Small gestures during hard times assuage worry and concern. Often during emergencies and crises, people start performing acts of kindness at random. Helping others through a crisis by performing good deeds can make you feel in control—even give you a sense of euphoria. The obvious benefit when you reach out to help someone else is that you get a break from your own worries for a while. Contributing, giving, volunteering, donating and performing kind acts, no matter how small or brief, connect you to other people (and animals) in a deeply meaningful, humane way. But that’s just for starters.

Recently, I went through a Starbucks drive-thru and ordered my typical double shot latte. At the pick-up window when I tried to pay the cashier, she waved me away, saying the customer in the car in front of me had already paid for my order. I had a burst of good feelings that created a domino effect. I told her I wanted to pay for the customer’s order behind me. Another burst of good feelings, known as “paying it forward.” I suspect the persons in front and behind me had similar natural highs.

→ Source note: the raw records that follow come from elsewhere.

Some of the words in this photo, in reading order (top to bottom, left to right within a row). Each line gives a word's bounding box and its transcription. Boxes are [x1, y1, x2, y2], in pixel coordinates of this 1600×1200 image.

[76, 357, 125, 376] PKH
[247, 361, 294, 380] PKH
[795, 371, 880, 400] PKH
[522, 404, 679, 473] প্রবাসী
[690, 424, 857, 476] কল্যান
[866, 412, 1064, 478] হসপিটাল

The bursts of euphoria—known as “the helper’s high”—come from dopamine and endorphin released in the brain. Medical studies show that the saliva of compassionate people contains more immunoglobulin A, an antibody that fights off infection. In addition to boosting the immune system, brain scans of benevolent people show that generosity gave them a calmer disposition, less stress, better emotional health, and higher self-worth.

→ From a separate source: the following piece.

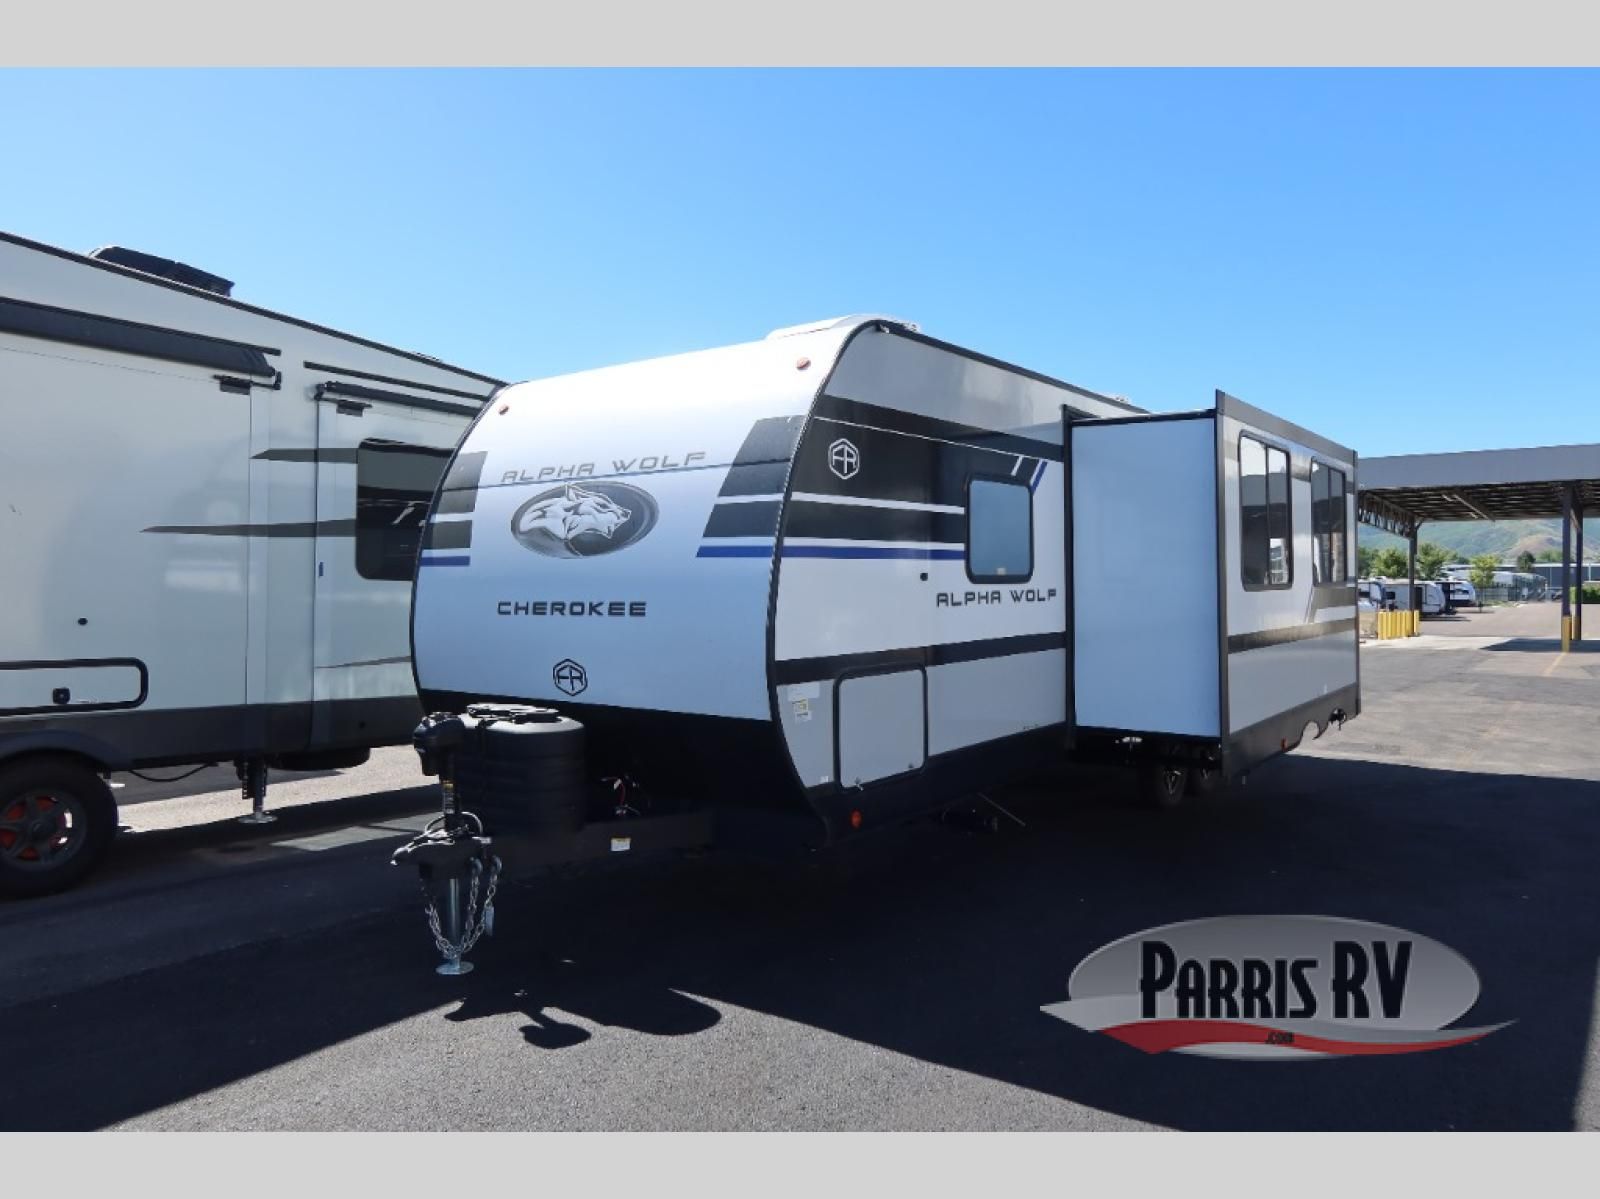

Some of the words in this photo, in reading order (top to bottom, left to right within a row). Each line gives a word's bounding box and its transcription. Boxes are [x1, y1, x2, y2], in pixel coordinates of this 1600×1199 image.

Create Something to Offset the Devastation

As part of the life cycle, creation is the antidote to destruction. Creating something in the wake of mass destruction or deadly threats can give you a sense of control and reminds you of your resilience. You don’t have to be an artist to do this. The key is to be creative and not let your confined circumstances dwarf your tranquility, happiness, or productivity. Painting, writing, or making something with your hands that symbolizes how you feel about the restrictions you’re under can give you an outlet to release emotional burdens and give you a sense of power. Simply writing your emotions down gets them out on paper and can feel cathartic.

Take Positive Action

Make “cans” out of “cannots” and focus on what you can control. Take advantage of this restrictive time to clear the clutter out of your basement, pull weeds in the garden, organize drawers, closets, and bookshelves, or get caught up on fun hobbies you've neglected for a while. Focus on a thought, person, pet, or object that stir hope and positivity within you. Hope always exists alongside despair. Last fall, we transplanted a huge Maple in the middle of our deck. During the winter all the leaves fell, and we feared it had died. Now with the onslaught of spring, the tree is full of new leaves. When I look at it I am overjoyed and filled with hope about the life cycle—and that in the end, everything is going to work out. We’re just not there yet.

Meanwhile, taking everything as it comes one day at a time and whispering the serenity prayer can carry us far in our hope and peace of mind until we get there: “Grant me the serenity to accept the things I cannot change, courage to change the things I can, and wisdom to know the difference.”


Bellosta-Batalla, M, et al. (2017). Increased salivary IgA response as an indicator of immunocompetence after a mindfulness and self-compassion-based intervention. Mindfulness, 9 (3): 1-9.

Davidson RJ, Kabat-Zinn J, Schumacher J, Rosenkranz M, Muller D, Santorelli SF, Urbanowski F, Harrington A, Bonus K, Sheridan JF. (2003). Alterations in brain and immune function produced by mindfulness meditation. Psychosomatic Medicine, 65:564–570.